Dans la seconde affaire, si le contrôle de la clause abusive avait bien été opéré par les juges du fond, les demandeurs au pourvoi ayant sollicité sa mise en œuvre dès la naissance du litige, le résultat de ce contrôle, à savoir l’absence d’abus, justifie autrement la cassation toutefois prononcée, là encore, pour violation de la loi. Rappelons que la cour d’appel avait retenu qu’une mise en demeure était restée sans effet alors que les emprunteurs bénéficiaient d’un certain délai pour exécuter ce qui constituait l’obligation principale du prêt (v. l’arrêt Banco Primus). En l’espèce, l’abus naissait cependant de l’absence de préavis d’une durée raisonnable (§15). Dans cette seconde affaire, la cour d’appel de renvoi n’aura pas davantage que la première la liberté d’écarter la qualification de clause abusive.
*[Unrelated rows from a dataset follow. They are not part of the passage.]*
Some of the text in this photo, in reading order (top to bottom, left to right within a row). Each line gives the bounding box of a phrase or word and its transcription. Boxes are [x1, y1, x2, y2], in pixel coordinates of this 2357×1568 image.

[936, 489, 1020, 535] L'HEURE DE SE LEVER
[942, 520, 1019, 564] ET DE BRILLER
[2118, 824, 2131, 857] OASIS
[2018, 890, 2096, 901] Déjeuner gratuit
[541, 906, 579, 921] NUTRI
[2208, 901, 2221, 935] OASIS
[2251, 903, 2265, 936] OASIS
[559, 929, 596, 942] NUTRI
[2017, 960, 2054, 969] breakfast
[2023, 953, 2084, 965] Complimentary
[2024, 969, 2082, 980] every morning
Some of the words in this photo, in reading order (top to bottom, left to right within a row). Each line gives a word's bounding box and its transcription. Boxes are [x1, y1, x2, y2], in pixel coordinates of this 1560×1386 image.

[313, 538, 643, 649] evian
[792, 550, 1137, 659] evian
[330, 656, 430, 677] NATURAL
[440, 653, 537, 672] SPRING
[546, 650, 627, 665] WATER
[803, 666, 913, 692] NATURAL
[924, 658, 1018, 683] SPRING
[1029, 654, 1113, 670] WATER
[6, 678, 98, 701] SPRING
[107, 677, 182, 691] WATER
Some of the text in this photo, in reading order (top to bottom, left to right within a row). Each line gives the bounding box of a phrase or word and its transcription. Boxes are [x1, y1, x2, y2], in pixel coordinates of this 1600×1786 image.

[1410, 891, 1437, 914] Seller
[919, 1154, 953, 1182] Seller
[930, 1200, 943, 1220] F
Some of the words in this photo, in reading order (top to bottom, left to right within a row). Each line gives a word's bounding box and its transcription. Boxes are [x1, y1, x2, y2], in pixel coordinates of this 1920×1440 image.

Dont acte : par ces deux décisions, les banques sont fortement incitées à éradiquer de leurs contrats de prêts les clauses de déchéance du terme sans préavis ni mise en demeure préalable, celles-ci générant un déséquilibre significatif au détriment du consommateur que la Cour de cassation entend bien, sur les conseils avisés des magistrats européens, protéger du danger auquel il se voit, par ces clauses notoirement déséquilibrées, exposé.

Références :

■ Civ. 1re, 22 mars 2023, n° 21-16.476 B : D. 2023. 597

■ Civ. 1re, 22 mars 2023, n° 21-16.044 B : D. 2023. 596 

■ Civ. 1re, 10 nov. 2021, n° 19-24.386 B D. 2021. 2084 ; ibid. 2022. 310, obs. R. Boffa et M. Mekki

■ Civ. 1re, 16 juin 2021, n° 20-12.154 B : D. 2021. 1619, note A. Etienney-de Sainte Marie ; RTD eur. 2022. 203, obs. A. Jeauneau.

 CJUE 26 janv. 2017, Banco Primus, aff. C-421/14 D. 2018. 583, obs. H. Aubry, E. Poillot et N. Sauphanor-Brouillaud ; AJDI 2017. 525, obs. M. Moreau, J. Moreau et O. Poindron.

■ CJUE 8 déc. 2022, aff. C-600/21 D. 2022. 2220.

■ CJCE 4 juin 2009, Pannon GSM Zrtaff. C-243/08 D. 2009. 2312, note G. Poissonnier ; ibid. 2010. 169, obs. N. Fricero ; ibid. 790, obs. H. Aubry, E. Poillot et N. Sauphanor-Brouillaud ; Rev. prat. rec. 2020. 17, chron. A. Raynouard ; RTD civ. 2009. 684, obs. P. Remy-Corlay ; RTD com. 2009. 794, obs. D. Legeais.